Work request:
The response must reproduce every record below without alteration.

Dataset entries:
::::::::::
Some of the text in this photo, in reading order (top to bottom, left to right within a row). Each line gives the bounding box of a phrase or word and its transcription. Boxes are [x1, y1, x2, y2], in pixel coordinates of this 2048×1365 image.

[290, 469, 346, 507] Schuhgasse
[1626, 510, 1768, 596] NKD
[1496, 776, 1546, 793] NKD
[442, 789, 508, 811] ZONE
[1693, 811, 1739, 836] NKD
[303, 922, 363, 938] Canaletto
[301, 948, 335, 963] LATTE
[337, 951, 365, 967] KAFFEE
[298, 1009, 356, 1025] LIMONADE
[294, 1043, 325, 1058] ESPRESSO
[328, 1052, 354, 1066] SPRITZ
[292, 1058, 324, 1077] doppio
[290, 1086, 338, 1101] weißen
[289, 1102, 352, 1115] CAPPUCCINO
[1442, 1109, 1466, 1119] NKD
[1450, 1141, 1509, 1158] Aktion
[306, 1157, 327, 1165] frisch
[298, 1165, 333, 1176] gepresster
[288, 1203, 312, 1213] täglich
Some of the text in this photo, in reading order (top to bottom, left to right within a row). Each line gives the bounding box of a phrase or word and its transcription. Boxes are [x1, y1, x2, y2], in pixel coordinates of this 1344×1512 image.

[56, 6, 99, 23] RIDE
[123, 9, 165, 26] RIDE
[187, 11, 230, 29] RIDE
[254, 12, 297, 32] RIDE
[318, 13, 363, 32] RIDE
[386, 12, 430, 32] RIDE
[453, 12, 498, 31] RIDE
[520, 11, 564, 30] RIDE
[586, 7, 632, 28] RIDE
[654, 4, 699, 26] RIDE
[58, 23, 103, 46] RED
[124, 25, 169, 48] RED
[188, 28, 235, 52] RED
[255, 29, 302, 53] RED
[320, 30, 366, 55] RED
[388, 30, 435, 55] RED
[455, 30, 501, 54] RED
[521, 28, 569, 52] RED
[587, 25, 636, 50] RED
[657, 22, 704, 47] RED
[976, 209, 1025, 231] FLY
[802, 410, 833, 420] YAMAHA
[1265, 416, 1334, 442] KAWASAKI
::::::::::
Answer for this exercise:
Some of the text in this photo, in reading order (top to bottom, left to right within a row). Each line gives the bounding box of a phrase or word and its transcription. Boxes are [x1, y1, x2, y2], in pixel coordinates of this 2048×1365 image.

[290, 469, 346, 507] Schuhgasse
[1626, 510, 1768, 596] NKD
[1496, 776, 1546, 793] NKD
[442, 789, 508, 811] ZONE
[1693, 811, 1739, 836] NKD
[303, 922, 363, 938] Canaletto
[301, 948, 335, 963] LATTE
[337, 951, 365, 967] KAFFEE
[298, 1009, 356, 1025] LIMONADE
[294, 1043, 325, 1058] ESPRESSO
[328, 1052, 354, 1066] SPRITZ
[292, 1058, 324, 1077] doppio
[290, 1086, 338, 1101] weißen
[289, 1102, 352, 1115] CAPPUCCINO
[1442, 1109, 1466, 1119] NKD
[1450, 1141, 1509, 1158] Aktion
[306, 1157, 327, 1165] frisch
[298, 1165, 333, 1176] gepresster
[288, 1203, 312, 1213] täglich
Some of the text in this photo, in reading order (top to bottom, left to right within a row). Each line gives the bounding box of a phrase or word and its transcription. Boxes are [x1, y1, x2, y2], in pixel coordinates of this 1344×1512 image.

[56, 6, 99, 23] RIDE
[123, 9, 165, 26] RIDE
[187, 11, 230, 29] RIDE
[254, 12, 297, 32] RIDE
[318, 13, 363, 32] RIDE
[386, 12, 430, 32] RIDE
[453, 12, 498, 31] RIDE
[520, 11, 564, 30] RIDE
[586, 7, 632, 28] RIDE
[654, 4, 699, 26] RIDE
[58, 23, 103, 46] RED
[124, 25, 169, 48] RED
[188, 28, 235, 52] RED
[255, 29, 302, 53] RED
[320, 30, 366, 55] RED
[388, 30, 435, 55] RED
[455, 30, 501, 54] RED
[521, 28, 569, 52] RED
[587, 25, 636, 50] RED
[657, 22, 704, 47] RED
[976, 209, 1025, 231] FLY
[802, 410, 833, 420] YAMAHA
[1265, 416, 1334, 442] KAWASAKI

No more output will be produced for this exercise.